Amazon has formed a team of agronomists that gives advice on improving farm yields and quality. ML and computer vision algorithms streamline supply chain processes, and identify defects in fruits and vegetables, reducing waste. It uses ML to give farmers information about their crops, including detecting infestations through its Kisan app. A farm produce undergoes a four-step quality check at collection centres before being sent to processing facilities. 
 
“We've built our operations with a deep appreciation for India's scale and diversity, integrating AI and ML across every touchpoint of our business,” said Rajeev Rastogi, vice-president of machine learning at Amazon. “What excites me most is how these technologies work together to solve distinctly Indian challenges while setting new benchmarks for operational excellence globally.”
 
GenAI for customers
 
Amazon uses generative AI (GenAI) to summarise customer reviews into insights like ‘battery life’ or ‘ease of use’, allowing customers to quickly decide about a product. Customers can tap a highlight to view related reviews, streamlining decision-making.
 
As AI helps ecommerce firms in groceries and farm produces, it is shaping online fashion too. Myntra’s technology helped the Walmart-owned digital fashion retailer to engage with millions of new customers who use features like MyFashionGPT, My Stylist and Maya.
 
MyFashionGPT, powered by ChatGPT, the wildly popular chatbot of OpenAI, helps customers search for clothes and accessories through natural language prompts based on occasions, moods, and celebrity styles. My Stylist, allows users to upload outfit images and receive personalised styling recommendations.
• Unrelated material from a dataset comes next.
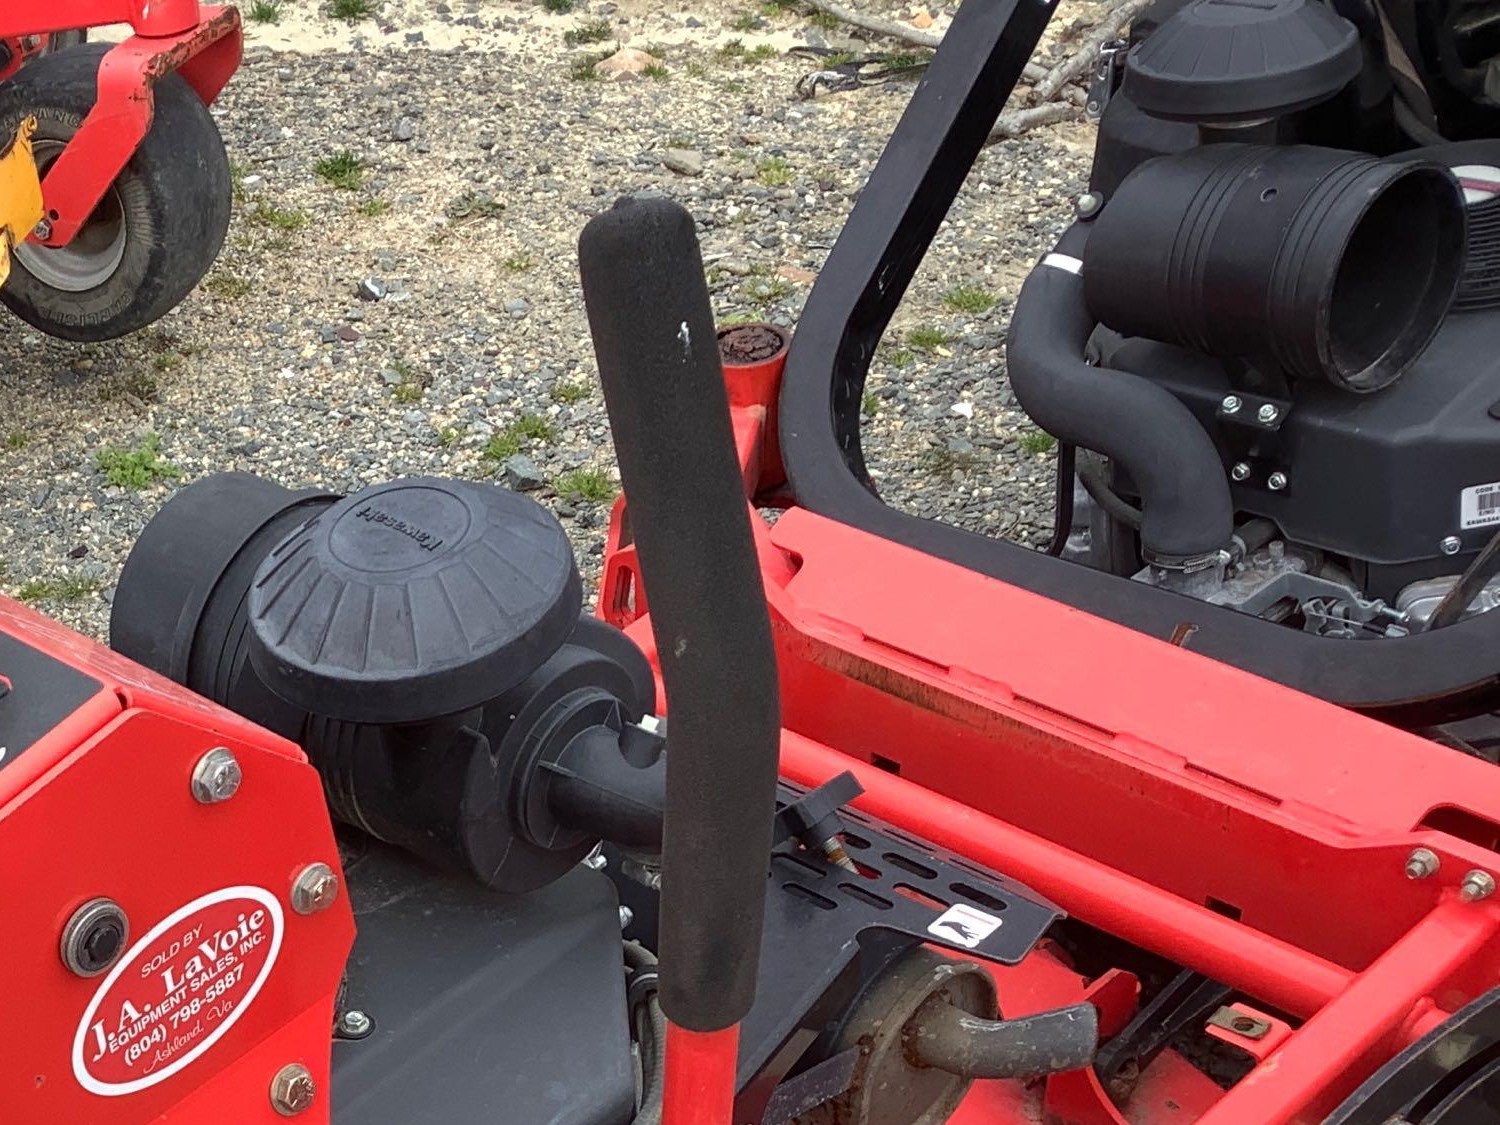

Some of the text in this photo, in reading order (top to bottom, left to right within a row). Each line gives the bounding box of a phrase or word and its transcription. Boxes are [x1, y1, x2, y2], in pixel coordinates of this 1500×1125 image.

Maya enables natural language conversations to simplify shopping and “reduce decision fatigue”, according to Myntra.
 
The company’s Virtual Try-On feature lets users try multiple beauty products, like for eyes, face or lips, simultaneously from their devices. The feature has increased customer conversion rates two-fold, said Myntra.
 
“There are many exciting and unsolved problems across a wide range of functions such as customer support, catalogue, design and search that can be streamlined with AI,” said Lakshminarayan Swaminathan, head of product management and design at Myntra. 
 
The Indian ecommerce market is expected to be worth $325 billion by 2030, growing at a compound annual growth rate of 21 per cent, according to a report by Federation of Indian Chambers of Commerce and Industry and Deloitte. 
 
Diverse needs
 
What makes Indian ecommerce’s AI adoption remarkable is its complexity: models are being trained not just on users’ browsing behaviour and purchase history, but also on the country’s vast linguistic and cultural diversity. As more people in towns and rural areas shop online, companies are localising AI tools to speak the language — literally — of India’s next billion internet users.
 
Ecommerce firm Meesho launched India’s first multilingual GenAI-powered voice bot that offers personalised, human-like assistance in multiple languages. As 80 per cent of Meesho’s users are in Tier-II and smaller cities, the bot is meant for working efficiently on basic smartphones and in noisy places. The bot can distinguish between casual affirmations (like “ji” or “okay”) and genuine interruptions.
 
Separately, the company’s GenAI-driven customer support assists customers in six Indian languages. It resolves about 90 per cent of user queries at one-fifth the cost, achieving higher scores in customer satisfaction compared to human agents, according to Meesho’s 2023-2024 annual report.
 
Quick-commerce firm Zepto uses data science and ML for forecasting demand, acquiring customers, pricing, advertisements, delivery partner allocation, customer support and other work. 
 
“By deeply personalising these systems for individual customers, we've achieved remarkable improvements in both customer satisfaction and business profitability,” said Nikhil Mittal, chief technology officer, Zepto.
 
Ecommerce firm Snapdeal said AI has helped it to improve delivery timeline prediction and courier allocation. "We have been able to resolve over 30 per cent of our customer queries using chatbots,” said a Snapdeal spokesperson. 
 
The next frontier is agentic ecommerce where AI agents will make autonomous purchasing decisions for buyers and sellers, according to a report by investment firm Prosus published in collaboration with data platform Dealroom.co.
 
“AI adoption is no longer optional — it's imperative. Companies leveraging AI are accelerating their relevance to consumers, enhancing personalisation, and driving unprecedented growth,” said Fabricio Bloisi, chief executive officer of Prosus Group, in the report.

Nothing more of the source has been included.